The following is the input sequence:
1 0 1 1 0 2 2 2 2 0 0 2 3 3 3 0 0 4 4 4
4 4 4 4 4 0 3 3 3 3 3 0 0 1 0 0 1 1 0 1
4 4 4 4 4 4 0 3 3 3 3 3 0 0 1 0 0 1 1 0
4 4 4 4 4 4 4 0 3 3 3 3 3 0 0 1 0 0 1 1
1 1 1 1 0 2 2 2 0 1 0 3 3 0 0 0 4 4 4 4
1 1 1 1 1 0 2 2 2 0 1 0 3 3 0 0 0 4 4 4
0 1 1 1 1 1 0 2 2 2 0 1 0 3 3 0 0 0 4 4
0 0 1 1 1 1 1 0 2 2 2 0 1 0 3 3 0 0 0 4
4 4 0 0 3 0 3 3 3 3 0 0 0 0 0 1 1 1 1 1
4 4 4 0 0 3 0 3 3 3 3 0 0 0 0 0 1 1 1 1
4 4 4 4 0 0 3 0 3 3 3 3 0 0 0 0 0 1 1 1
1 1 1 1 0 0 2 2 0 3 2 3 3 3 0 0 4 4 4 4
1 1 1 1 1 0 0 2 2 0 3 2 3 3 3 0 0 4 4 4
1 1 1 1 1 1 0 0 2 2 0 3 2 3 3 3 0 0 4 4
1 3 4 4 4 0 3 0 0 0 0 0 3 2 0 0 1 1 1 1
In this sequence you can see pattern for Swipe left and Swipe right gestures.
To train the hidden markov model I am initilizing it with the following values and then calling the train function to get the output:
TRANS:
0.7 0.15 0.15
0.3 0.4 0.3
0.3 0.4 0.3
EMIS:
0.3 0.1 0.1 0.1 0.1
0.2 0.1 0.2 0.2 0.3
0.2 0.3 0.2 0.2 0.1
INIT:
0.6 0.2 0.2
After training the output is:
TRANS:
0.81611 0.0847926 0.0990979
0.398458 0.346433 0.255109
0.371391 0.35587 0.272739
EMIS:
0.534127 0.125568 0.0824495 0.200169 0.0576869
0.294653 0.0250053 0.0500311 0.200616 0.429694
0.238808 0.075001 0.0500019 0.130455 0.505733
INIT:
0.443984 0.391323 0.164693
Using this model in my recognition program, I am not getting results.
I want the system to remain in a NULL STATE unless one of the gesture is detected.
In the Transition and Emission matrix I gave my guess values for both these gesture.
What do you think I might be doing wrong? Any pointers or help?
Lastly here is the code I am using for doing this (if anyone wants to have a look)

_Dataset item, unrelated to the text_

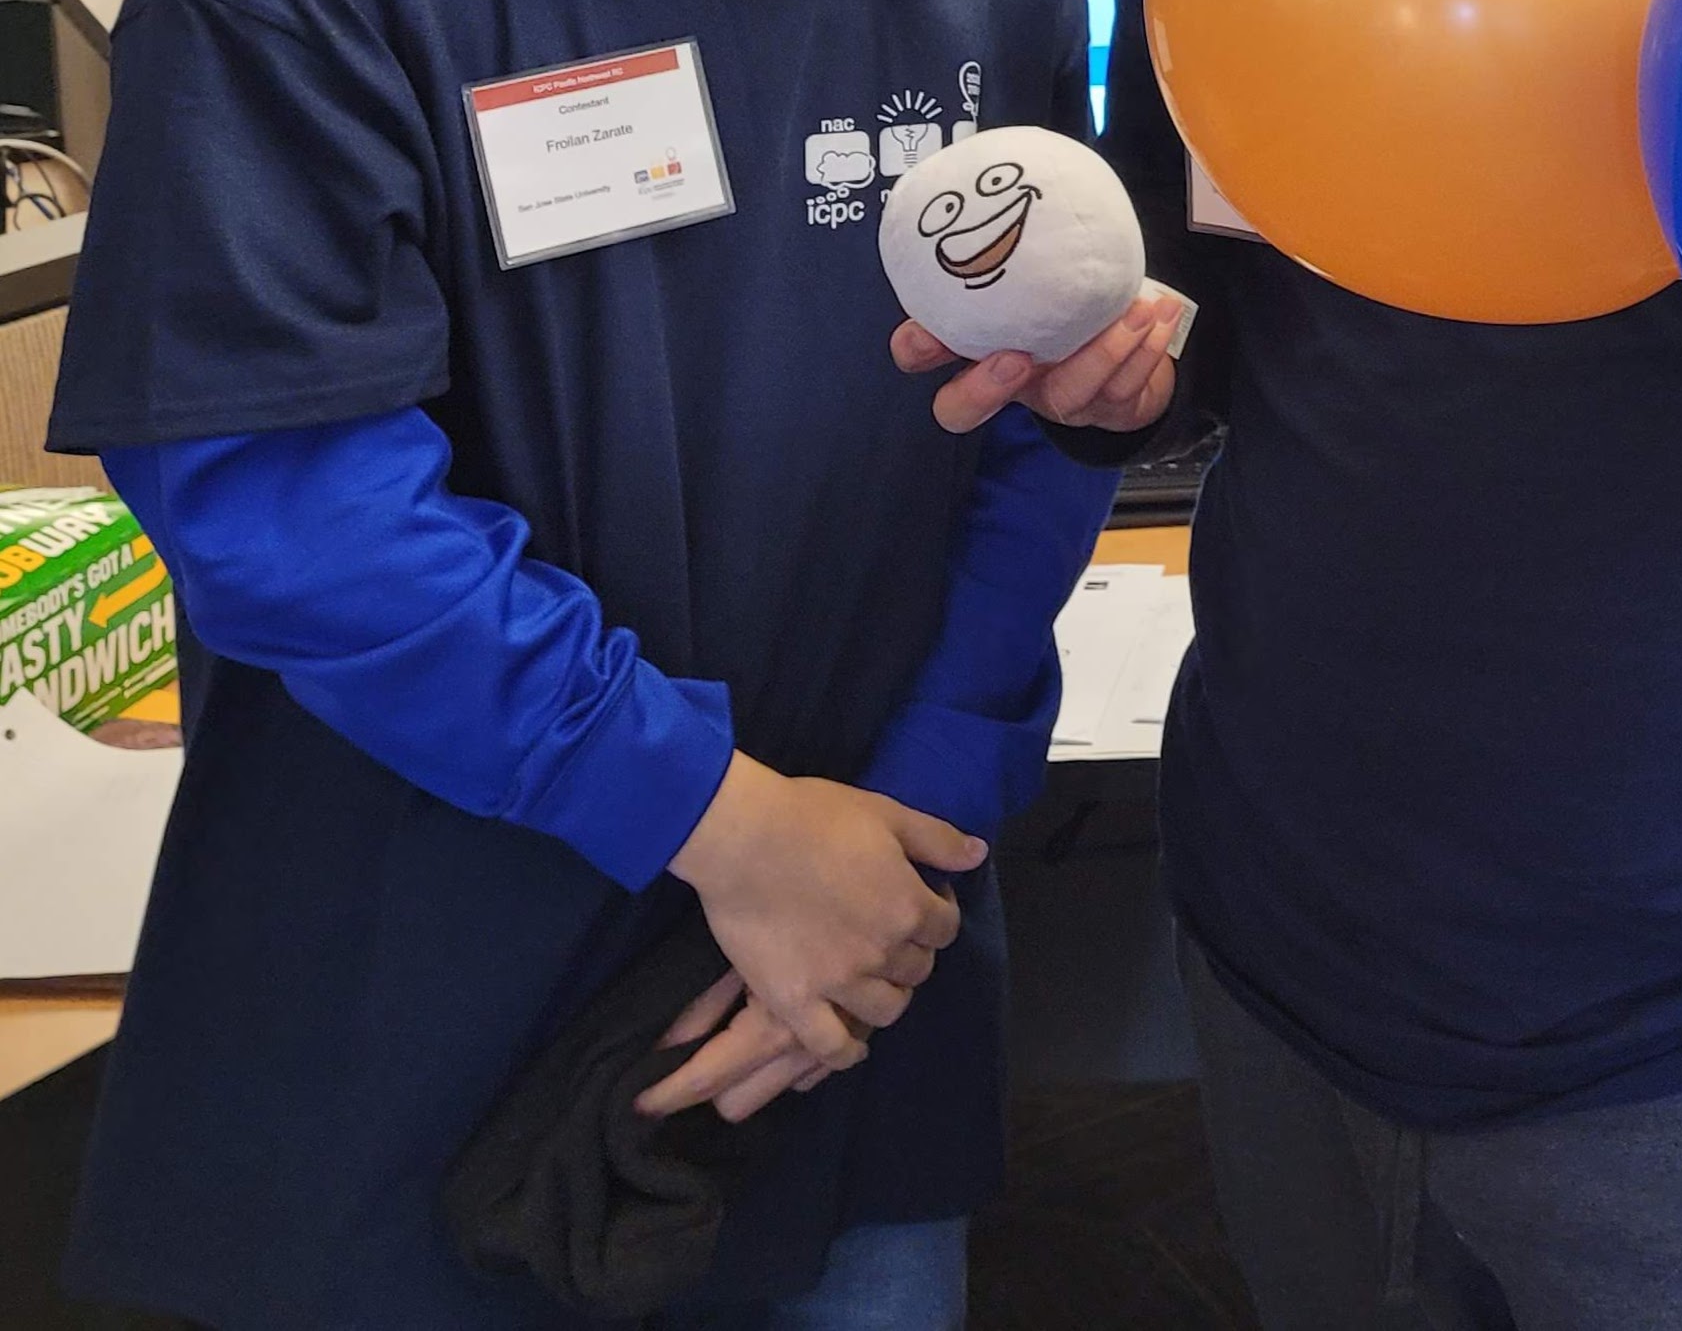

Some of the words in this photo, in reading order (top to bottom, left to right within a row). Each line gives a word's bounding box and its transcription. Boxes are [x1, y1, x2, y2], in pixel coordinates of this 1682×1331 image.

double TRGUESSdata[] = {0.7, 0.15, 0.15,
0.3, 0.4, 0.3,
0.3, 0.4, 0.3};
cv::Mat TRGUESS = cv::Mat(3,3,CV_64F,TRGUESSdata).clone();
double EMITGUESSdata[] = {0.3, 0.1, 0.1, 0.1, 0.1,
0.2, 0.1, 0.2, 0.2, 0.3,
0.2, 0.3, 0.2, 0.2, 0.1};
cv::Mat EMITGUESS = cv::Mat(3,5,CV_64F,EMITGUESSdata).clone();
double INITGUESSdata[] = {0.6 , 0.2 , 0.2};
cv::Mat INITGUESS = cv::Mat(1,3,CV_64F,INITGUESSdata).clone();
std::cout << seq.rows << " " << seq.cols << std::endl;
int a = 0;
std::ifstream fin;
fin.open("observations.txt");
for(int y =0; y < seq.rows; y++)
{
for(int x = 0; x<seq.cols ; x++)
{
fin >> a;
seq.at<signed int>(y,x) = (signed int)a;
std::cout << a;
}
std::cout << std::endl;
}
hmm.printModel(TRGUESS,EMITGUESS,INITGUESS);
hmm.train(seq,1000,TRGUESS,EMITGUESS,INITGUESS);
hmm.printModel(TRGUESS,EMITGUESS,INITGUESS);
Here fin is used to read the observation I have from my other code.
What does the 0 mean in your model ? It seems to me in your data there are no direct transitions for both states, it always goes back to the state 0. Try something like the following in your data for a state transition sequence.
1 1 1 1 2 2 2 2 3 3 3 3 4 4 4 4 4
1 2 3 4 0 0 0 0 0 0 0 0 0 0 0 0 0
0 0 0 0 1 1 2 2 3 3 4 4 0 0 0 0 0
4 4 3 3 2 2 1 1 0 0 0 0 0 0 0 0 0
4 4 4 3 3 3 2 2 2 2 2 1 1 1 1 1 1
As a general rule:
I would recommend to work with openCV only after you have a proof of concept in Matlab/octave. This has two reasons. First of all you know exactly what you want to do and how it works, and don't waste your time implementing and debugging your theory in a 'low' level language (compared to matlab). Debugging algorithms in openCV is really time-consuming.
Secondly after you know your stuff works as expected, if you implement it and hit a bug (of openCV or C++, python) you know it's not your theory, not your implementation, it's the framework. It happened to me already two times that employed computer scientists implemented directly from a paper (after being told not to do so), spending 80% of the remaining time to debug the algorithm without ANY success only to find out that: they didn't really get the theory or some submodule of openCV had a slight bug which degenerated their results.
The link you've mentioned uses a HMM toolbox in matlab. Try to implement and understand your problem there, it's really worth spending the time. Not only you can verify each step for correctness, you can use the itermediate matrices with your openCV code after you have a working model.